Guilty Of Postnatal Psychosis

(Content Note: suicide and infanticide are mentioned in this post)

Who am I?

I am a veterinarian.

I had my first baby at 32.

I developed postnatal psychosis after the birth of that baby.

I had no history of mental illness before that.

I have a perfectionist personality.

This is me.

But given this information, you could mistake me for Melissa Arbuckle.

If you’ve read even just the headlines this week, you will know Melissa’s baby Lily died in horrific circumstances, as a direct result of Melissa’s undiagnosed postnatal psychosis and depression.

Melissa’s story is an important one. But I have yet to read a story by a journalist who gets the narrative of postnatal psychosis (or any form of psychosis) right. Journalism around psychosis, even decent journalism, focusses on the sensational.

But despite the inevitable sensationalism, in this case the journalists got one thing right. They investigated the lead up to this horror story.

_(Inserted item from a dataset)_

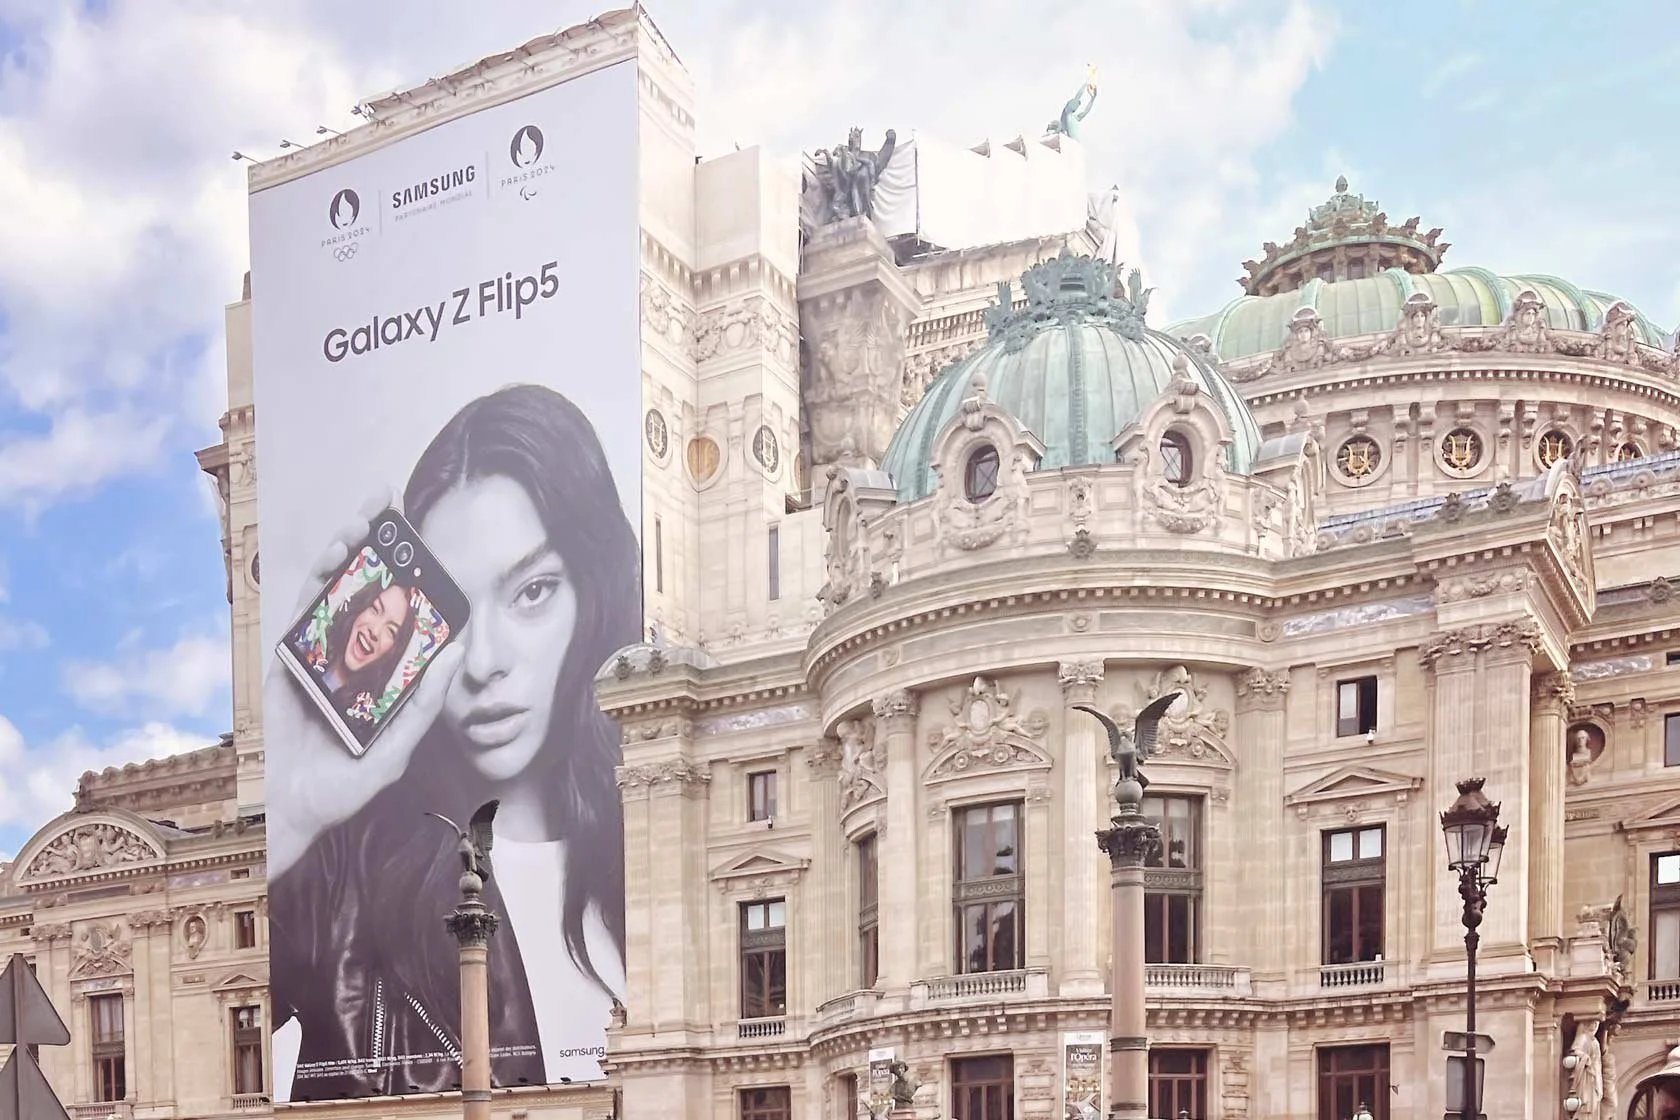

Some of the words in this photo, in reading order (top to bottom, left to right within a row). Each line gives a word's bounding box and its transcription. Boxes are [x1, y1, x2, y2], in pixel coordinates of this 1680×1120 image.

And that shows us the number of times this horrific outcome could have been prevented.

Melissa’s baby was born in April 2021.

The Age reports ‘Maternal health notes showed that as early as May 19 the new mother revealed she was having difficulty coping and became teary, later telling a lactation consultant she felt ‘out of control’.

According to News.com ‘Victoria’s Supreme Court heard that in the weeks leading up to Lily’s death, Ms Arbuckle had been ‘really down’ and she believed she injured her baby after rocking her bassinet too vigorously.’

She hadn’t injured her baby at that point, but her thoughts (believing she had injured her baby) were delusional, for weeks before her daughter’s death.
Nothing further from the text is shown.